Das freie Wort

Das große Ganze

Es ist, als wäre man an einen Kinosessel gekettet und muss sich einen Film in Überlänge anschauen, den man gar nicht sehen will. Das, was sich schon viel zu lange in der heimischen Innenpolitik abspielt, ist alles andere als ganz großes Kino. Sie zanken sich nicht nur. Sie bellen und beißen. Einer den anderen. Das ist keine Schlammschlacht mehr, das ist ein ganz tiefer Sumpf. Unterdessen scheint Korruption auch bei uns das Hauptnahrungsmittel der Politiker zu sein. Die offen zur Schau getragene Abgehobenheit ist einfach ein Graus. Eigentlich sollte mir das alles schon egal sein. Denn bei mir sind spätestens seit Corona alle politischen Parteien und ihre Vertreter vertrauenstechnisch ganz tief im Minusbereich und damit völlig unten durch. Trotzdem regt mich dieser heimische Innenpolitik-Horror auf. Weil es nun mal immer noch um das große Ganze geht! Wir müssen uns noch immer gegen die Aus- und Nebenwirkungen einer Pandemie stemmen. Ein Schuldenberg, der mehrere Generationen mehr als herausfordert, ist traurige Gewissheit. Soziale Probleme werden nicht weniger, sondern mehr.
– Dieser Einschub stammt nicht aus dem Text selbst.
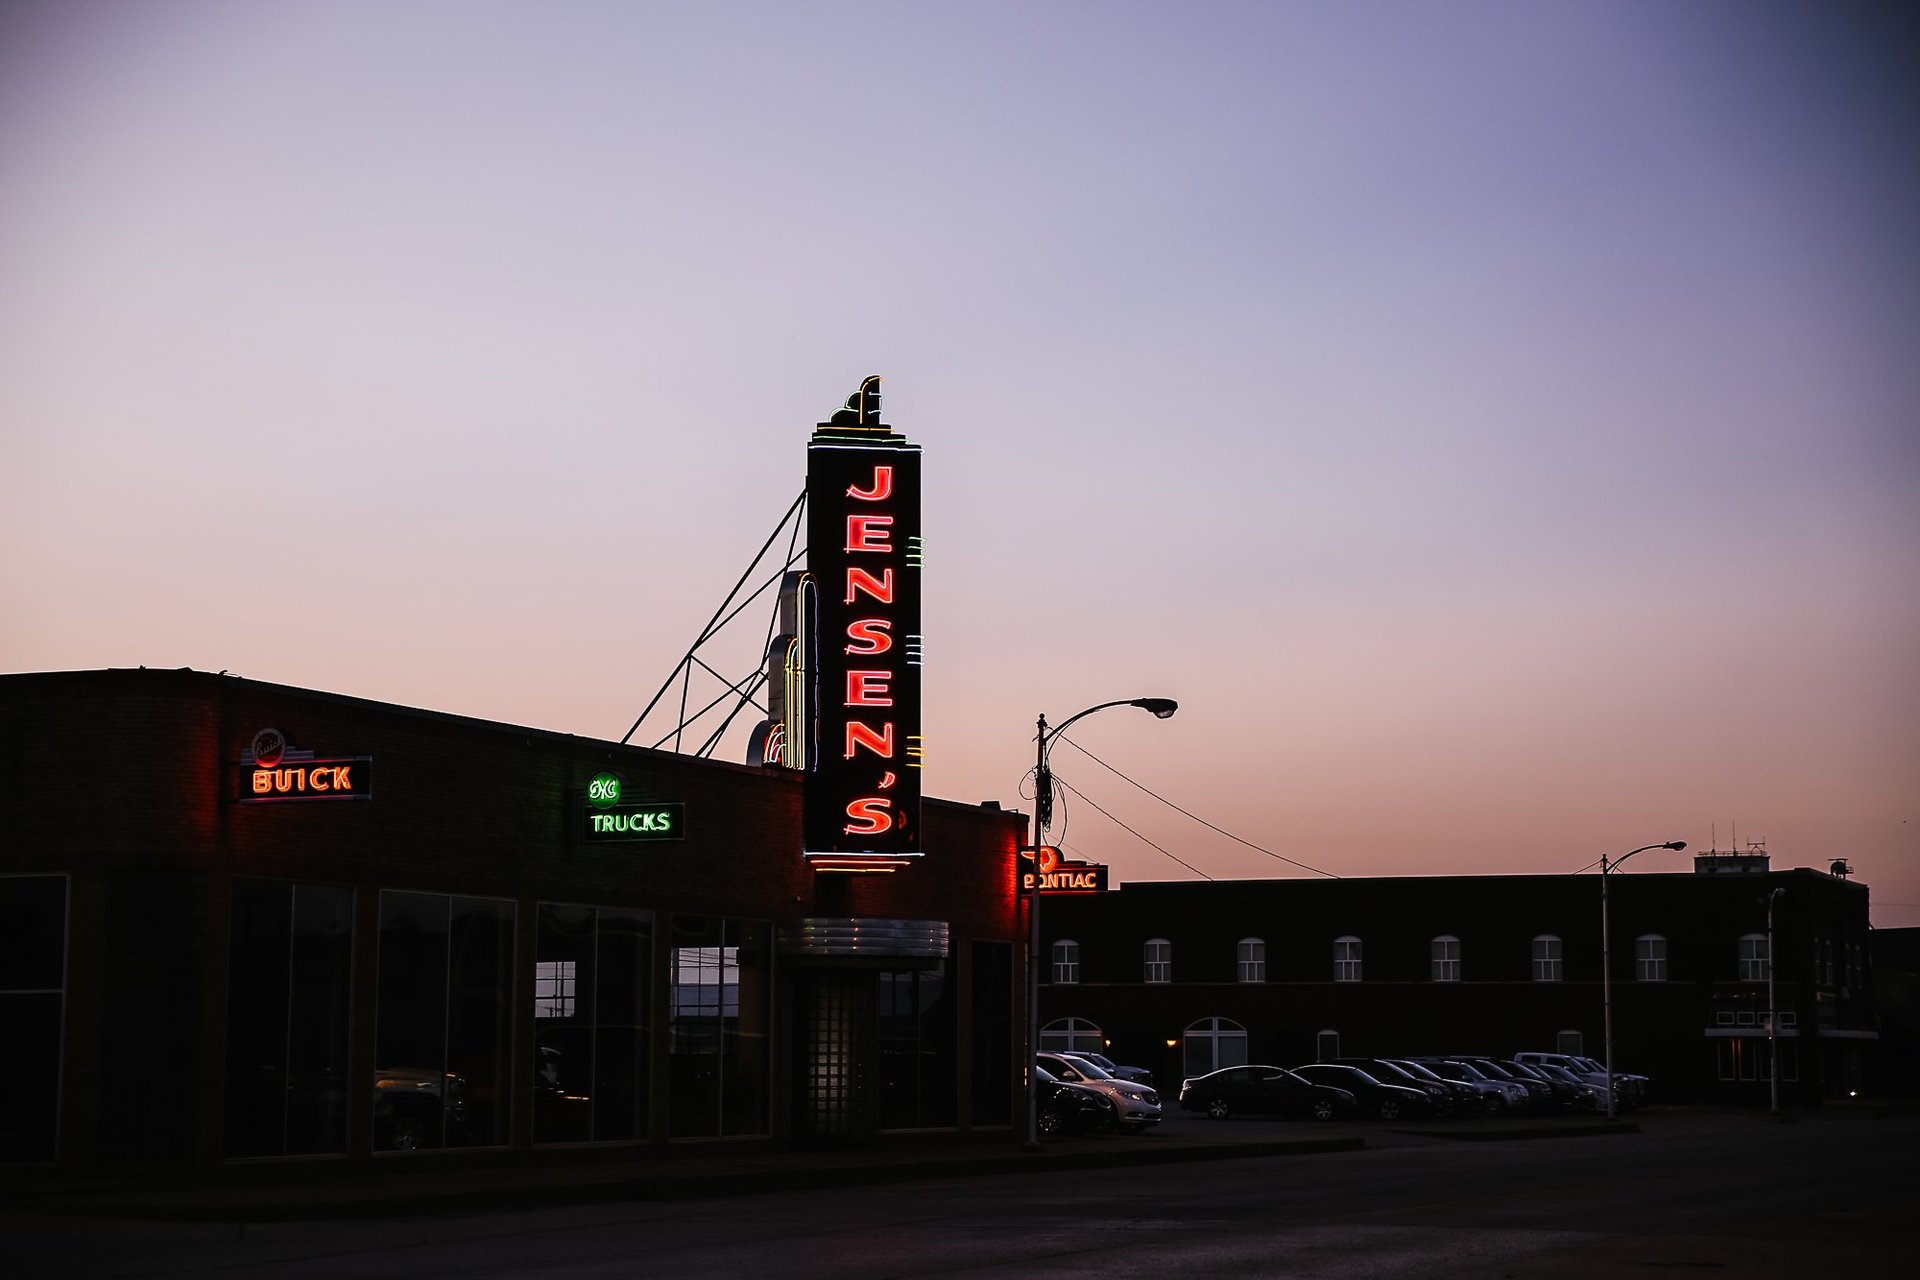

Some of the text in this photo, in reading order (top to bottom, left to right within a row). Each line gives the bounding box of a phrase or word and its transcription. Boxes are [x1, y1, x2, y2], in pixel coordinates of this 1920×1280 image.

[844, 466, 895, 835] JENSEN'S
[253, 766, 351, 793] BUICK
[590, 812, 671, 832] TRUCKS
Allein schon wegen der Inflation. Als wäre das nicht schon genug, klopft auch noch die nächste Flüchtlingskrise an die Tür. Ein Klimawandel lässt sich nicht verhindern, er ist und bleibt ein wiederkehrendes natürliches Ereignis. Aber die Folgen gilt es bestmöglich abzufedern. Und den Damen und Herren der heimischen Innenpolitik scheint trotz alledem ziemlich fad zu sein. Das ist nicht zu fassen!